A superficial faith is a vulnerable faith
Superficiality is a curse of our age. The demand for instant satisfaction leads to superficial personal relationships and a superficial Christian faith. Many students discover Christianity for the first time while at college or university. This discovery very often happens alongside other important events like leaving the parental home, falling in love, or gaining independence of thought and action. As a result, initial emphasis very often falls on the emotional and experiential aspects of Christianity. There is nothing wrong with this! Christianity has abundant resources for those who wish to place emphasis on the role of experience in the life of faith. But there is more to faith than that.
Faith has three main elements. In the first place, it is trust in God. It is a confidence in the trustworthiness, fidelity and reliability of God. It is about rejoicing in his presence and power, being open to his prompting and guidance through prayer, and experiencing the motivation and comfort of the Holy Spirit. It is a deep sense of longing to be close to God, of wanting to praise his name, of being aware of his presence. In many ways, this aspect of Christian faith is like being in love with someone: you want to be with them, enjoying their presence and feeling secure with them. It concerns the heart, rather than the head; it is emotional, rather than intellectual. It is the powerhouse of Christian life, keeping us going through the difficult times and exciting us during the good times.

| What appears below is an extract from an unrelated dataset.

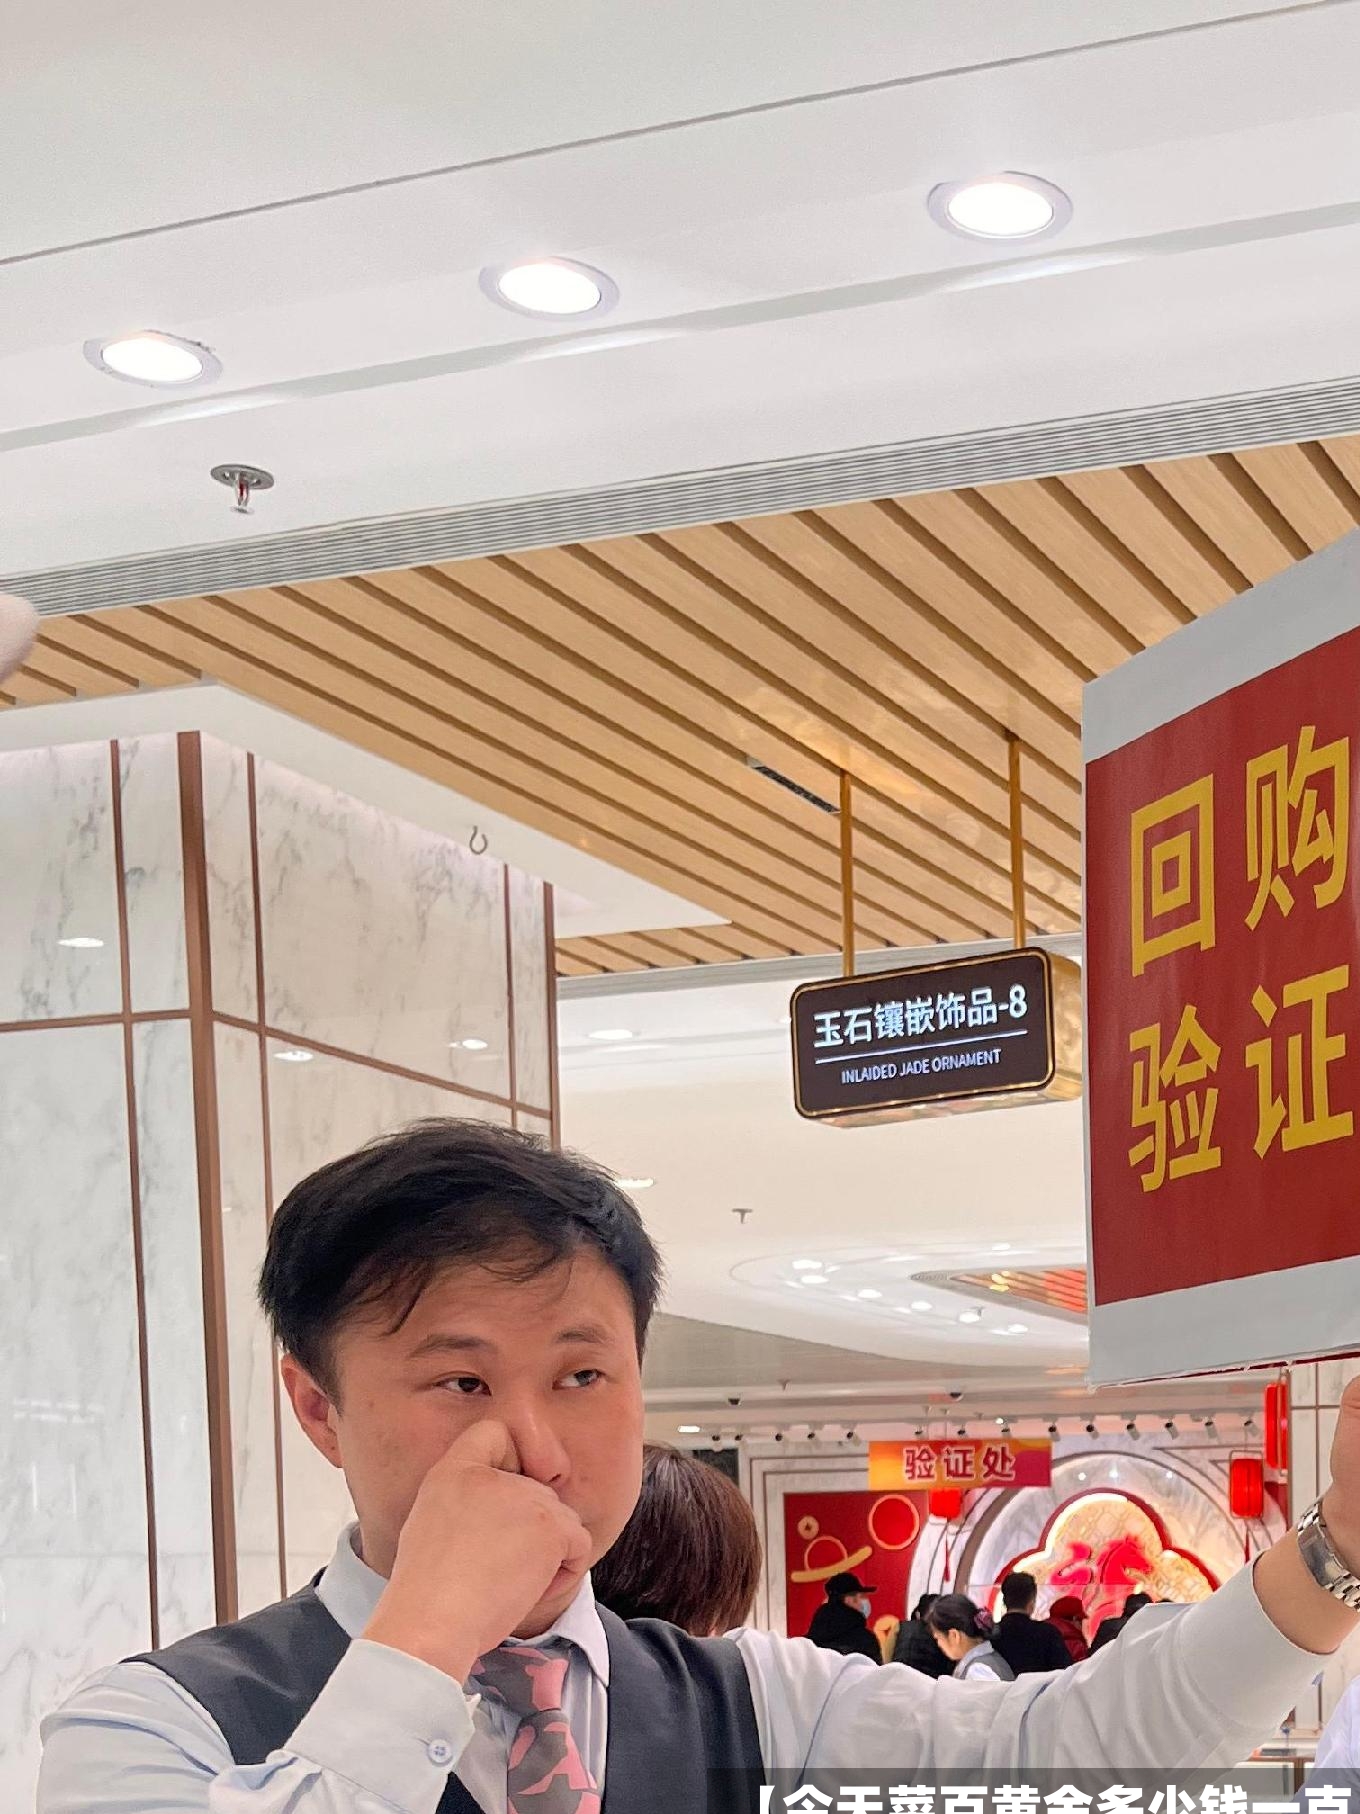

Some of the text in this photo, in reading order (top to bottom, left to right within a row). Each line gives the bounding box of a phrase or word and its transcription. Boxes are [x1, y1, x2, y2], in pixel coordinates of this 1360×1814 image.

[813, 983, 1028, 1048] 玉石镶嵌饰品-8
[841, 1048, 1002, 1084] INLAIDED JADE ORNAMENT
[903, 1443, 1016, 1481] 验证处

The difficulty is that all too many people seem to get no further than this stage. Their faith can easily become nothing more than emotion. It can become superficial, lacking any real depth. It seems shallow. It has not really taken root, and is very vulnerable. Yet faith can only flourish when it sinks deep roots. There is more to faith than emotion, experience and feelings, however important they may be to you. Christianity isn’t just about experiencing God—it’s about sticking to God. A mature faith is something secure, something that you can rely on. If your faith is not deeply rooted, you will be tempted to find security in something else, only to find that this alternative will fail you (Matthew 7:24–27).

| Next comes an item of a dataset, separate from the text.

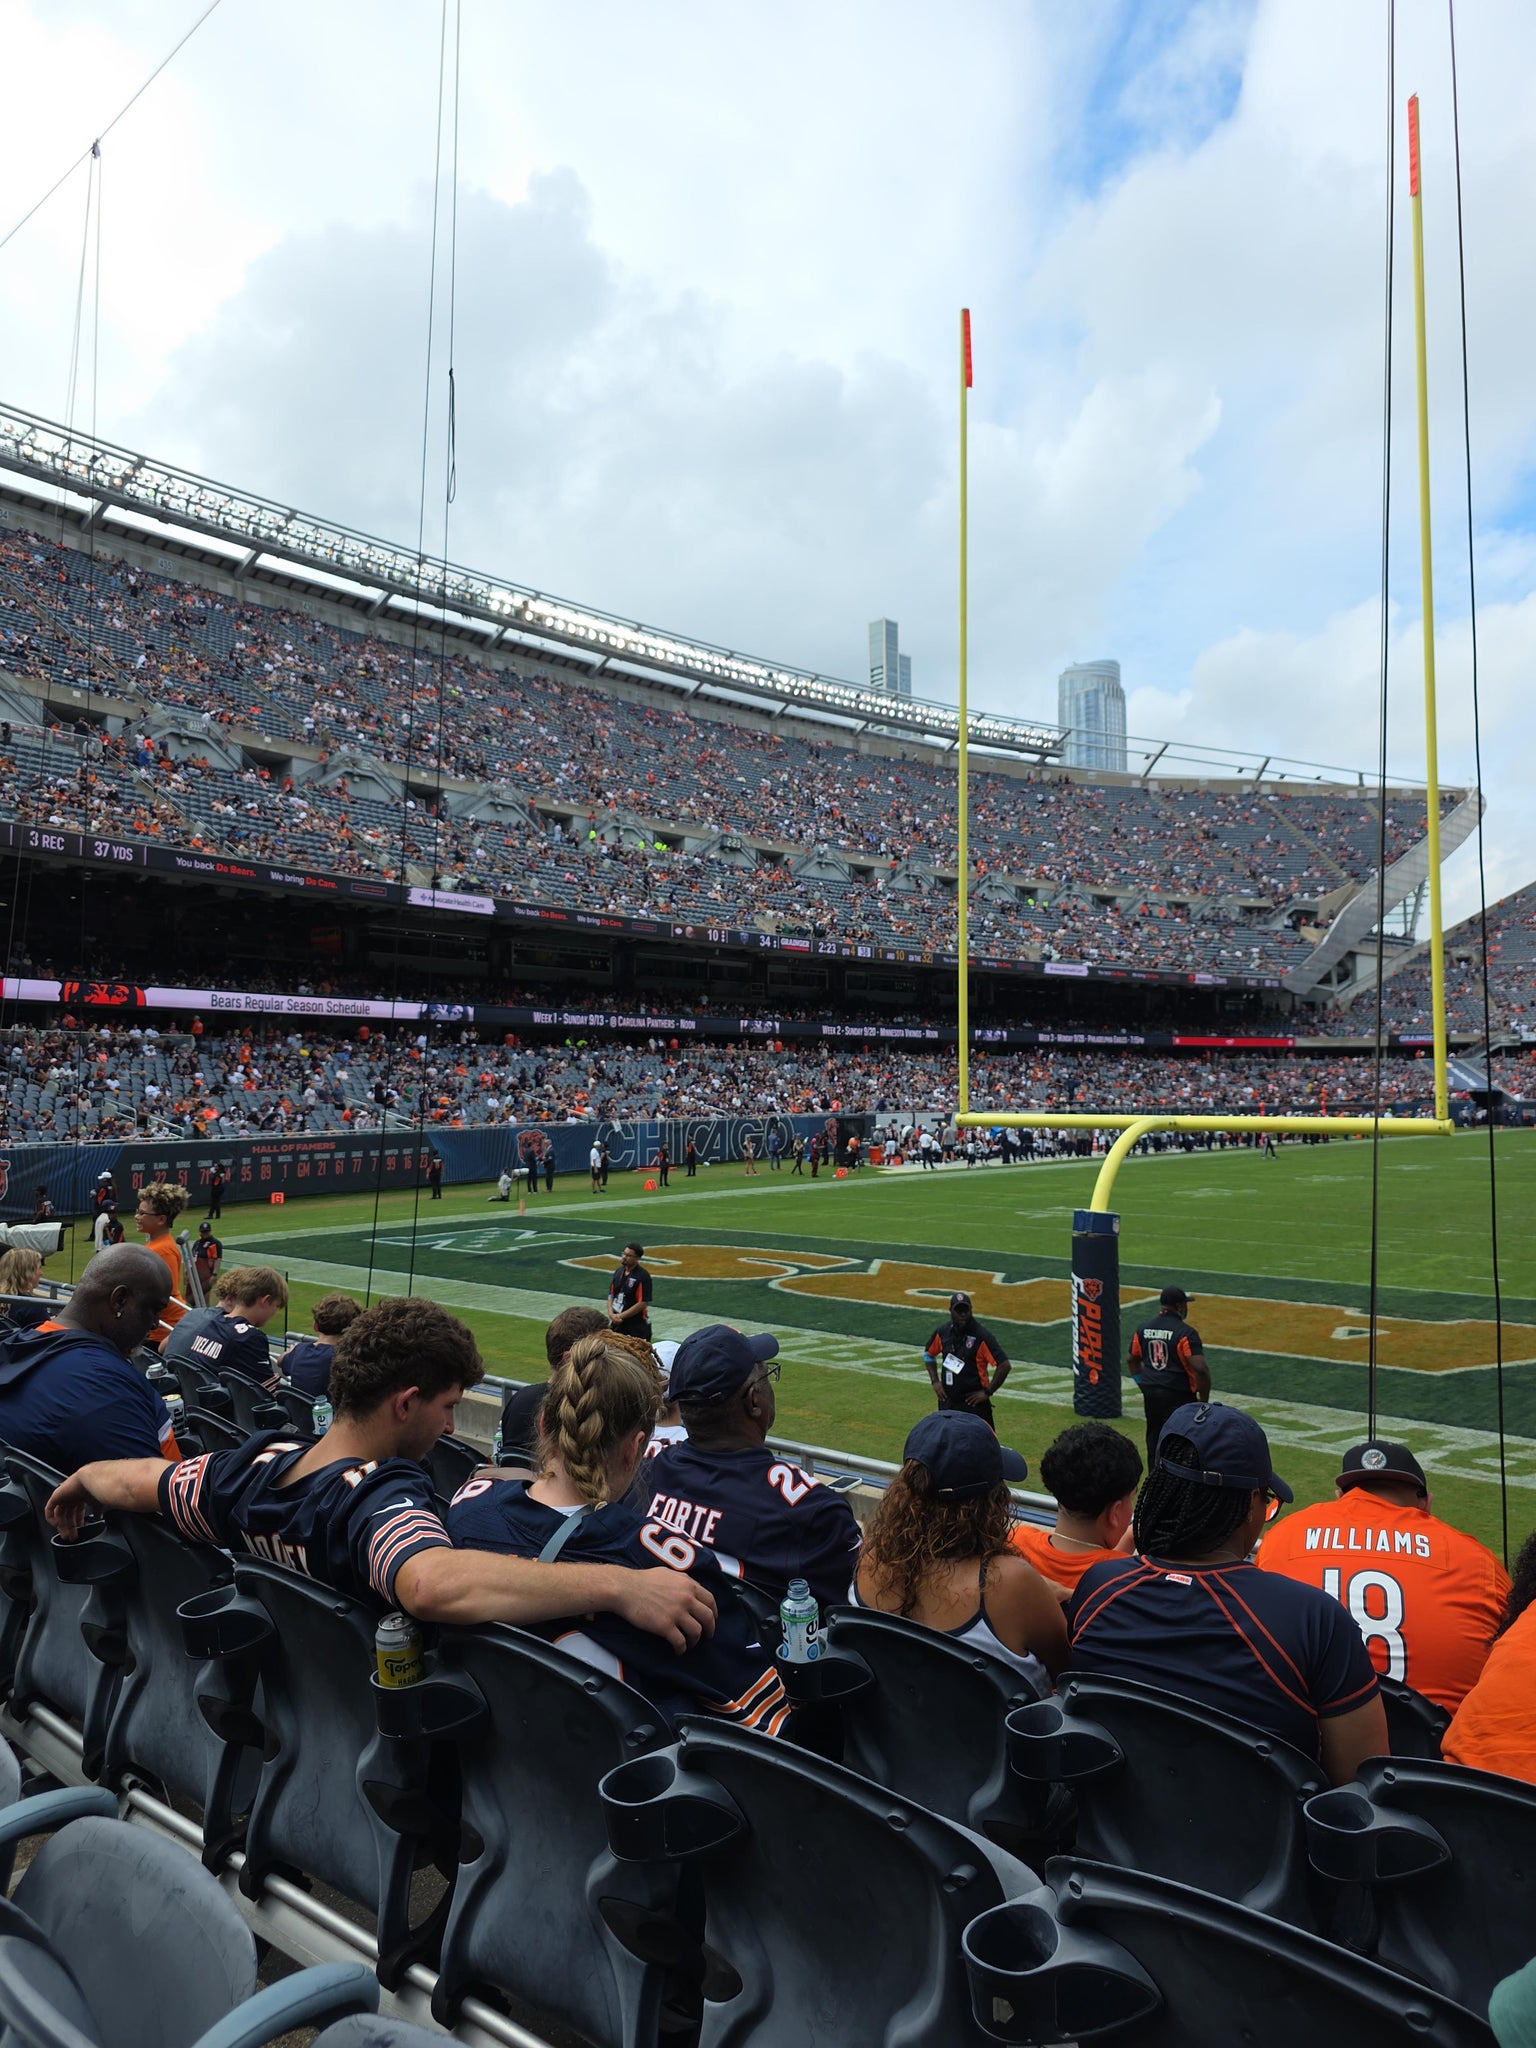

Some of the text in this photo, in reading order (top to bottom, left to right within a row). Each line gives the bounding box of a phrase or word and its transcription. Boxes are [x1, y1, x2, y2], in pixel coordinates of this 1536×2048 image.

In the second place, faith is understanding more about God, Jesus Christ and human nature and destiny. By its very nature, faith seeks understanding. It seeks to take root in our minds, as we think through the implications of our experience of the risen Christ. To become a Christian is to encounter the reality of God; to become a disciple is to allow this encounter to shape the way in which we think—and act.
For in the third place, faith is obedience. Paul speaks of the “obedience that comes from faith” (Romans 1:5) making the point that faith must express itself in the way we act. “Faith is kept alive in us, and gathers strength, from practice more than speculation” (Joseph Addison). Or, as the Oxford writer W. H. Griffith-Thomas put it, nicely linking these together:
[Faith] commences with the conviction of the mind based on adequate evidence; it continues in the confidence of the heart or emotions based on conviction, and it is crowned in the consent of the will, by means of which the conviction and confidence are expressed in conduct.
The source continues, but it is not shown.